When Sato says ‘akire-kaeru’, a pun on “après-guerre”, he throws his hands in the air, indicating the frogs (kaeru) croaking out in the field.

Apparently, lost in translation was this silly word play by an drunk old man. The English subtitles I have seen do not include the reference to frogs croaking. That’s fine since it does little to advance the plot or to contribute to narratives of the film. But I would like to point out that this is one of few instances in this film that the character makes reference to the sound/noise in background.

“The Stray Dog”, the pinnacle among the early Kurosawa’s works, is filled with music, sound and noise. Its innovative use of soundtrack in many pivotal scenes has been appreciated in numerous reviews and analysis. Especially, the final shootout between Detective Murakami and the killer, a piano etude being played in background, provides the best example of “counterpoint effect” between visual and audio.

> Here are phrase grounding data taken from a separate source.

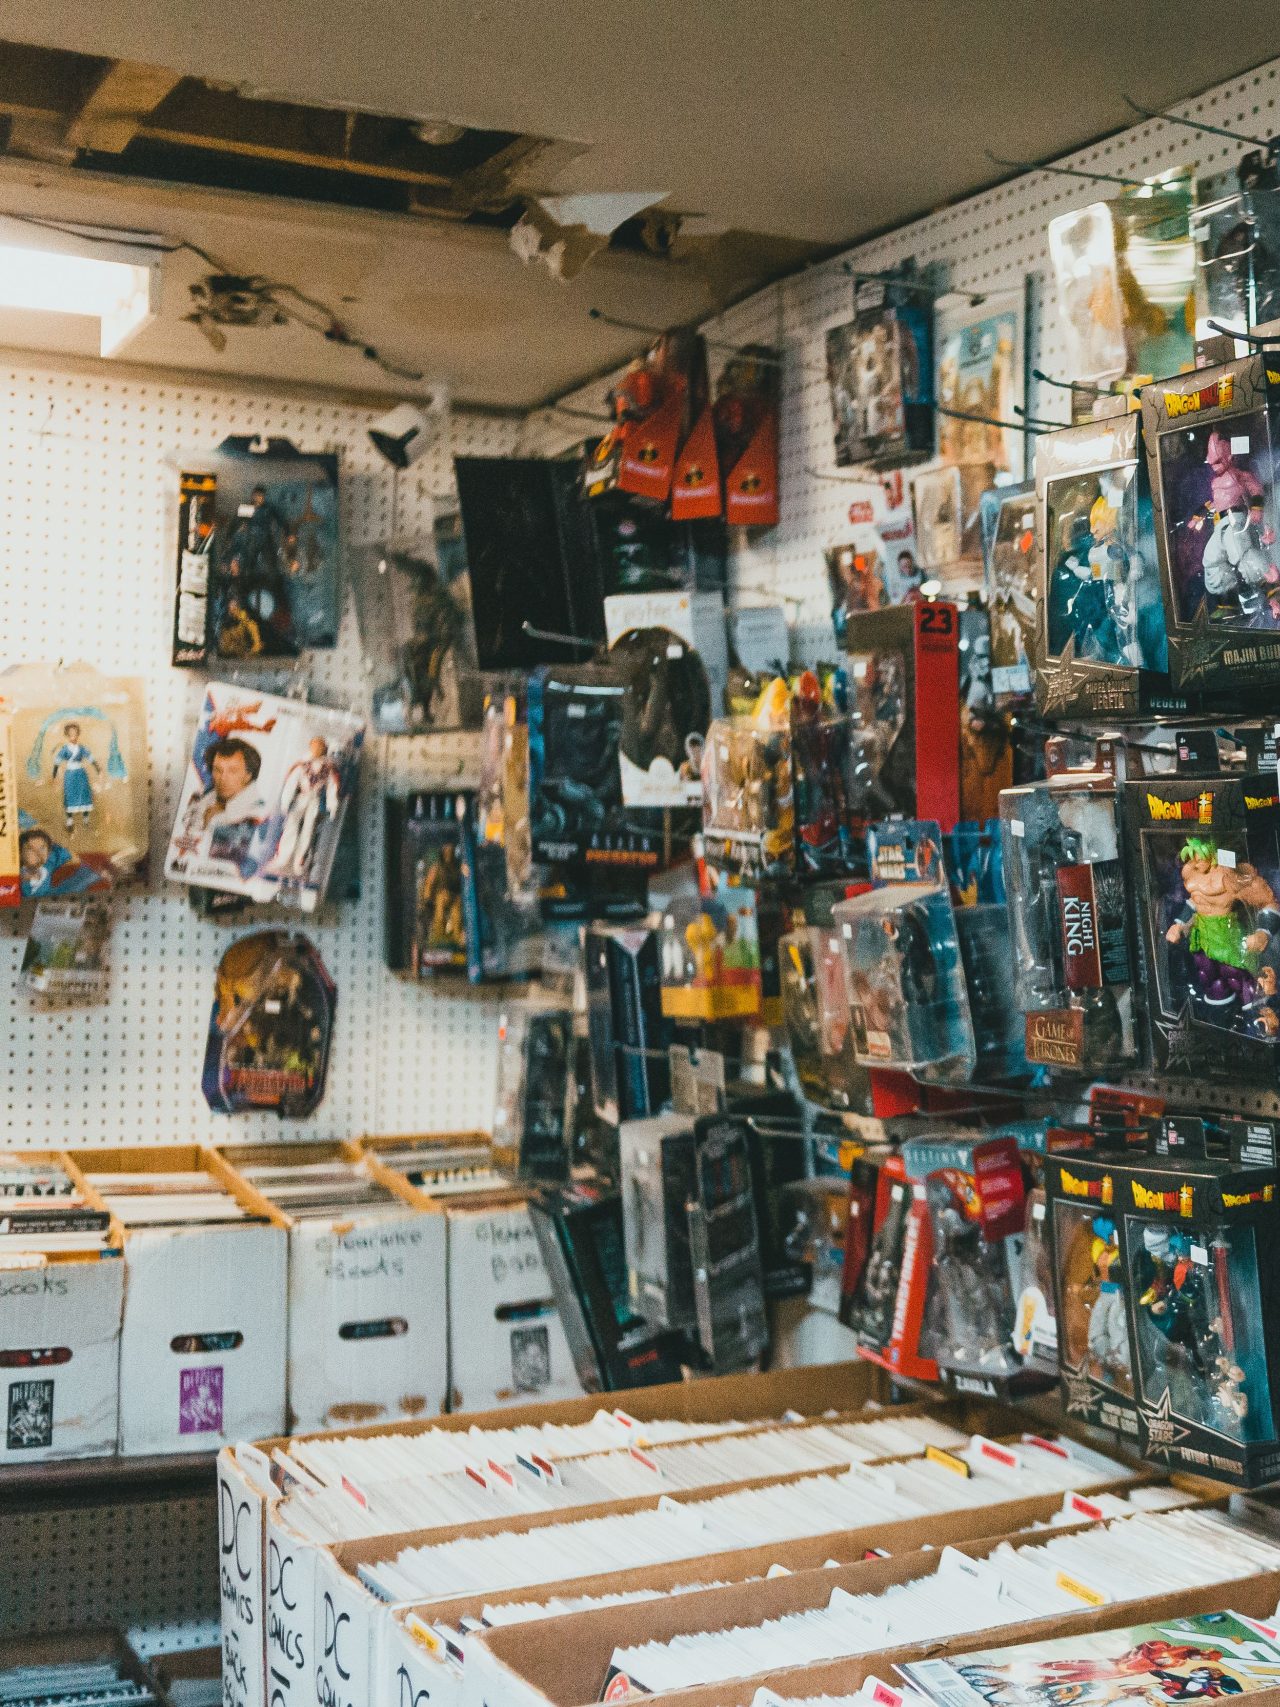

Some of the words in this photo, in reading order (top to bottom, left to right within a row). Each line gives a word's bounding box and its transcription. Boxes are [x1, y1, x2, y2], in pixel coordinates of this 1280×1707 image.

[919, 607, 952, 635] 23
[1223, 649, 1257, 667] MAJIN
[1147, 793, 1182, 820] DRAGON
[1063, 896, 1084, 957] KING
[1080, 901, 1095, 949] NIGHT
[1035, 1015, 1066, 1039] GAME
[1032, 1040, 1077, 1064] THRONES
[1148, 1429, 1174, 1443] STARS
[1180, 1447, 1210, 1466] FUTURE
[220, 1478, 251, 1582] DC
[269, 1537, 297, 1611] DC
[221, 1565, 254, 1625] COMICS
[268, 1604, 305, 1670] OMICS
[323, 1590, 351, 1681] DC
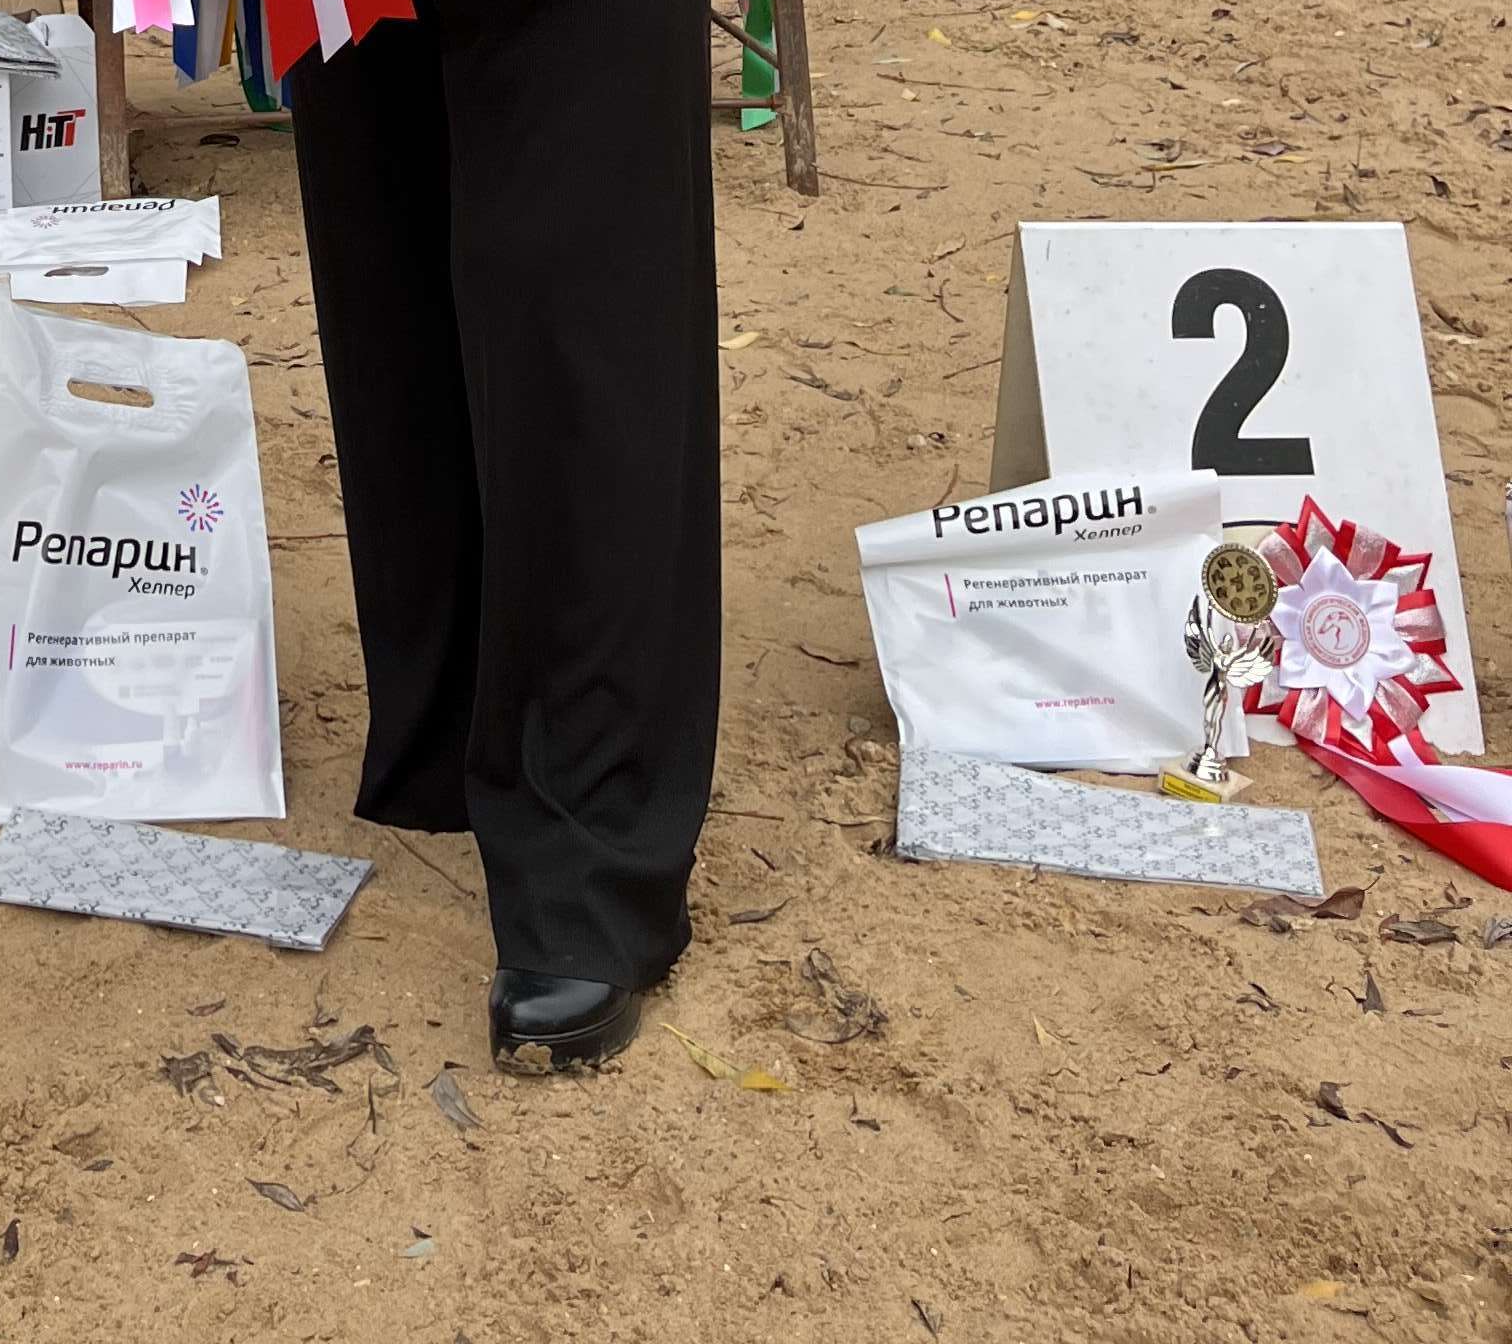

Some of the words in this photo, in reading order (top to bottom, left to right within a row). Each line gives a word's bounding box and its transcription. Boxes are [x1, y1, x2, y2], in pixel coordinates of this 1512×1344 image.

[1172, 268, 1315, 476] 2
[931, 485, 1144, 537] Репарин
[1074, 524, 1143, 543] Хелпер
[12, 520, 197, 579] Репарин
[128, 576, 196, 600] Хелпер
[963, 570, 1081, 591] Регенеративный
[1083, 568, 1148, 586] препарат
[968, 599, 994, 613] для
[996, 597, 1069, 610] животных
[27, 631, 131, 649] Регенеративный
[133, 631, 197, 645] препарат
[25, 655, 48, 667] для
[49, 656, 116, 667] животных
[1034, 696, 1116, 709] www.reparin.ru
[64, 759, 143, 772] www.reparin.ru

The city is filled with music, noise and sound. The montage sequence depicts Detective Murakami going undercover to find the underground gun dealer. His wandering in this rotten world is packed with barrage of all the kitsch music imaginable.

‘Tonkin Flower’ Chinese
‘Roses from the South’ Tango
‘Bengawan Solo’ Southeast Asian
‘Tokyo Boogie-Woogie’ Boogie-Woogie
‘Aire Kawaiya’ Irish Folk style
‘Koi no Manjushage’
‘Under the Roof of Paris’
‘Barcarolle’ from ‘The Tales of Hoffmann’
etc.

According to Shinichi Kamoshita, these songs were actually so popular at the time that anyone from that era knows them by heart. Radio music programs were immensely popular among entertainment-hungry public, covering a vast range of music repertoire, from jazz to classical to Japanese folk songs. Radios were in boom. In many markets and shops, they had their radio on with their volumes turned up. The place must have been filled with bombardment of all music available. The soundtrack to the montage sequence is meant to recreate this chaos of sound.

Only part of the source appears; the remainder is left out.